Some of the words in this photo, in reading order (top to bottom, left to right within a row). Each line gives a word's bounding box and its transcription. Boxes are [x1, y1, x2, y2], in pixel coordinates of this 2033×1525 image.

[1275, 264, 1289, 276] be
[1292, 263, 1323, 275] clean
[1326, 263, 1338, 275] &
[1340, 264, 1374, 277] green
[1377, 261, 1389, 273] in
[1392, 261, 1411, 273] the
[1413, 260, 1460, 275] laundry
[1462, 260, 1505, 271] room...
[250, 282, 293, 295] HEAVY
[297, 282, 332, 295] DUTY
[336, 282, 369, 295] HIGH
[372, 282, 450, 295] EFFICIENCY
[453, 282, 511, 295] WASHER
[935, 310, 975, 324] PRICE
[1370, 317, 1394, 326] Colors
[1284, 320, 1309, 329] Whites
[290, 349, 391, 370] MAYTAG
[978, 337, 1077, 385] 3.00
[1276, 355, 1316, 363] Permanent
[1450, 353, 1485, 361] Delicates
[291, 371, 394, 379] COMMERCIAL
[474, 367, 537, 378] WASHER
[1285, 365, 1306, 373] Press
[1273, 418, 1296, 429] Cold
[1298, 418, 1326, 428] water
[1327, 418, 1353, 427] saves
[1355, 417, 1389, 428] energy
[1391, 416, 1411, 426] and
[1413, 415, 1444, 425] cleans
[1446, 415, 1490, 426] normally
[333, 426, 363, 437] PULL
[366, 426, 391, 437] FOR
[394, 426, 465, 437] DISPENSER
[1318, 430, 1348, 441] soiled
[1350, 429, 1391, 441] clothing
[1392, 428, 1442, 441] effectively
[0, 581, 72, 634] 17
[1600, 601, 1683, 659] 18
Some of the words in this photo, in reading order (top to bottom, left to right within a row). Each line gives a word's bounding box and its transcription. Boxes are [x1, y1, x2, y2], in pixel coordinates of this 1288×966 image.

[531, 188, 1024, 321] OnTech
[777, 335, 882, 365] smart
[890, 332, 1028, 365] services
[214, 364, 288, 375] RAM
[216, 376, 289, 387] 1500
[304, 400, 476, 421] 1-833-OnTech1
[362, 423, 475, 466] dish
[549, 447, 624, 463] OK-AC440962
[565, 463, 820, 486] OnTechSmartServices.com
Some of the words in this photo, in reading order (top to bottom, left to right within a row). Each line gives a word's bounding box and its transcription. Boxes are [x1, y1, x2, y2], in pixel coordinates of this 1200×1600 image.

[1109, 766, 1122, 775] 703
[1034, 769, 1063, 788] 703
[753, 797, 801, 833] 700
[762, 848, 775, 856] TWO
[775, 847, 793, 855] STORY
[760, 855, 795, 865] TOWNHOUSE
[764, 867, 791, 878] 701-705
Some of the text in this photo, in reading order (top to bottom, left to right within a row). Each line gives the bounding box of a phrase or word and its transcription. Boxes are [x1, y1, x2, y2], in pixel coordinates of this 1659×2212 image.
--------------------
# Exercise details
Extract all the material, leaving every line as it is.

# Response area
Some of the words in this photo, in reading order (top to bottom, left to right within a row). Each line gives a word's bounding box and its transcription. Boxes are [x1, y1, x2, y2], in pixel coordinates of this 2033×1525 image.

[1275, 264, 1289, 276] be
[1292, 263, 1323, 275] clean
[1326, 263, 1338, 275] &
[1340, 264, 1374, 277] green
[1377, 261, 1389, 273] in
[1392, 261, 1411, 273] the
[1413, 260, 1460, 275] laundry
[1462, 260, 1505, 271] room...
[250, 282, 293, 295] HEAVY
[297, 282, 332, 295] DUTY
[336, 282, 369, 295] HIGH
[372, 282, 450, 295] EFFICIENCY
[453, 282, 511, 295] WASHER
[935, 310, 975, 324] PRICE
[1370, 317, 1394, 326] Colors
[1284, 320, 1309, 329] Whites
[290, 349, 391, 370] MAYTAG
[978, 337, 1077, 385] 3.00
[1276, 355, 1316, 363] Permanent
[1450, 353, 1485, 361] Delicates
[291, 371, 394, 379] COMMERCIAL
[474, 367, 537, 378] WASHER
[1285, 365, 1306, 373] Press
[1273, 418, 1296, 429] Cold
[1298, 418, 1326, 428] water
[1327, 418, 1353, 427] saves
[1355, 417, 1389, 428] energy
[1391, 416, 1411, 426] and
[1413, 415, 1444, 425] cleans
[1446, 415, 1490, 426] normally
[333, 426, 363, 437] PULL
[366, 426, 391, 437] FOR
[394, 426, 465, 437] DISPENSER
[1318, 430, 1348, 441] soiled
[1350, 429, 1391, 441] clothing
[1392, 428, 1442, 441] effectively
[0, 581, 72, 634] 17
[1600, 601, 1683, 659] 18
Some of the words in this photo, in reading order (top to bottom, left to right within a row). Each line gives a word's bounding box and its transcription. Boxes are [x1, y1, x2, y2], in pixel coordinates of this 1288×966 image.

[531, 188, 1024, 321] OnTech
[777, 335, 882, 365] smart
[890, 332, 1028, 365] services
[214, 364, 288, 375] RAM
[216, 376, 289, 387] 1500
[304, 400, 476, 421] 1-833-OnTech1
[362, 423, 475, 466] dish
[549, 447, 624, 463] OK-AC440962
[565, 463, 820, 486] OnTechSmartServices.com
Some of the words in this photo, in reading order (top to bottom, left to right within a row). Each line gives a word's bounding box and its transcription. Boxes are [x1, y1, x2, y2], in pixel coordinates of this 1200×1600 image.

[1109, 766, 1122, 775] 703
[1034, 769, 1063, 788] 703
[753, 797, 801, 833] 700
[762, 848, 775, 856] TWO
[775, 847, 793, 855] STORY
[760, 855, 795, 865] TOWNHOUSE
[764, 867, 791, 878] 701-705
Some of the text in this photo, in reading order (top to bottom, left to right within a row). Each line gives the bounding box of a phrase or word and its transcription. Boxes are [x1, y1, x2, y2], in pixel coordinates of this 1659×2212 image.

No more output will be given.